* The records
_ _ _ _ _
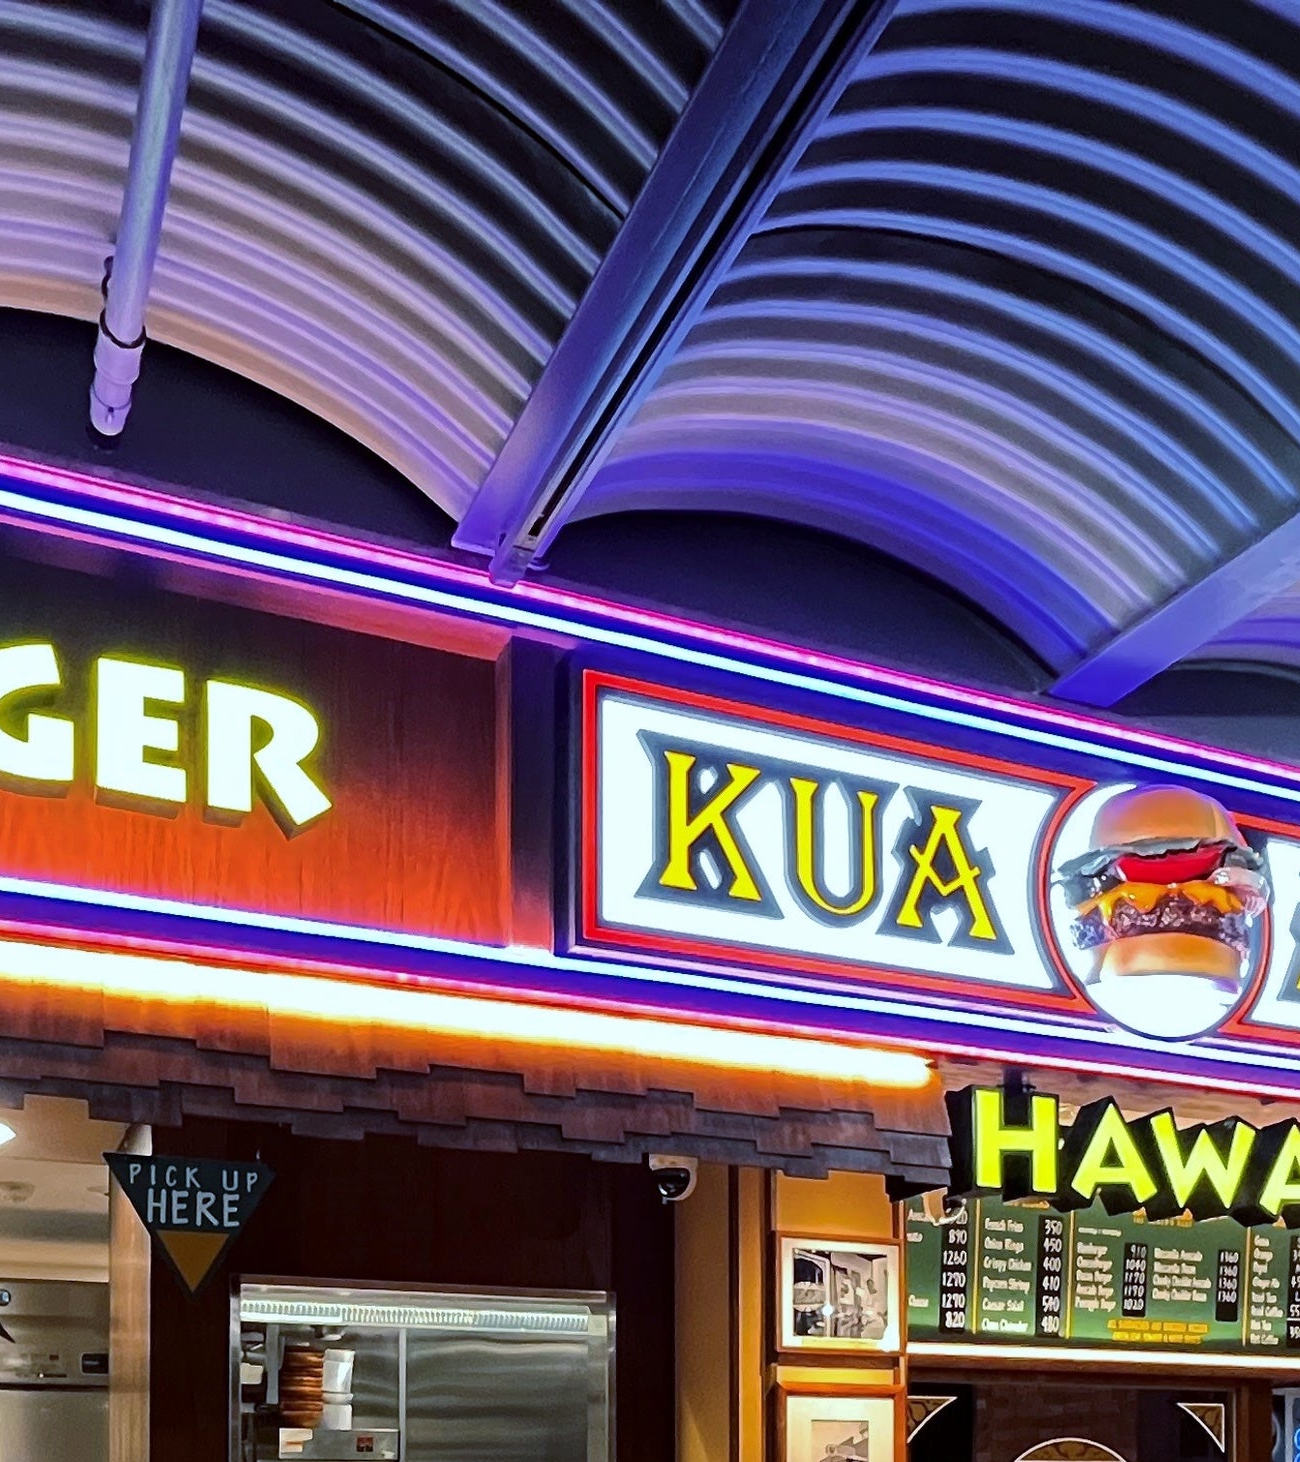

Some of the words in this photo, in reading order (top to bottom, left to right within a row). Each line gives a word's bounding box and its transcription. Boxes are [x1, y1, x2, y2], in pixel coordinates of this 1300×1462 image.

[650, 742, 1005, 946] KUA
[129, 1163, 201, 1189] PICK
[222, 1169, 258, 1193] UP
[146, 1188, 240, 1227] HERE
[1043, 1256, 1061, 1272] 400
[1042, 1275, 1060, 1291] 410
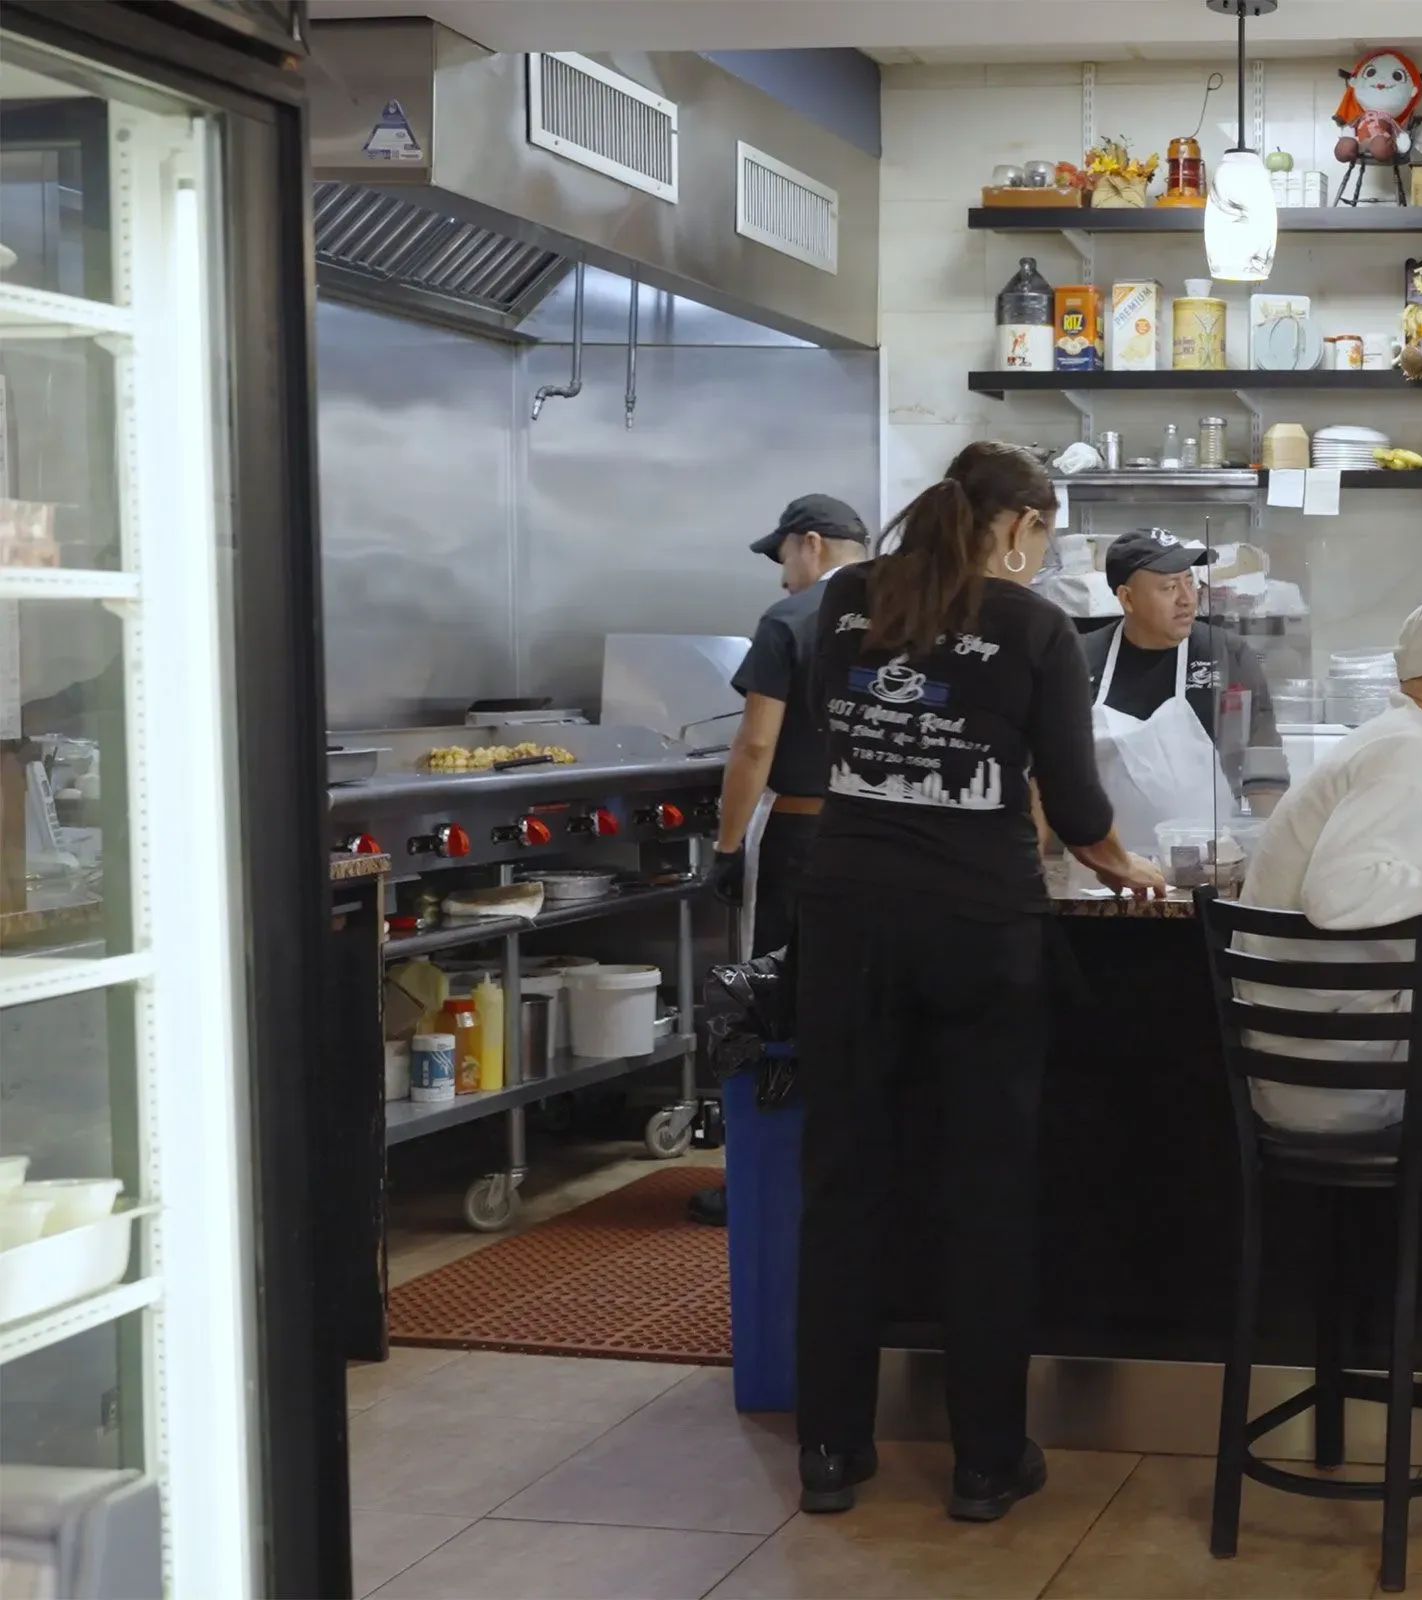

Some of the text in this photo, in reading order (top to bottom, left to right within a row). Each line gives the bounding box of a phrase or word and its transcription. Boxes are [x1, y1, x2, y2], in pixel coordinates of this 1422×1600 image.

[1114, 286, 1153, 327] PREMIUM
[1063, 313, 1083, 331] RITZ
[827, 698, 856, 717] 407
_ _ _ _ _
Reproduce exactly the line that contains "Some of the text" together with each line after it to the end of the entries; include no other lines.

Some of the text in this photo, in reading order (top to bottom, left to right within a row). Each line gives the bounding box of a phrase or word and its transcription. Boxes are [x1, y1, x2, y2], in pixel coordinates of this 1422×1600 image.

[1114, 286, 1153, 327] PREMIUM
[1063, 313, 1083, 331] RITZ
[827, 698, 856, 717] 407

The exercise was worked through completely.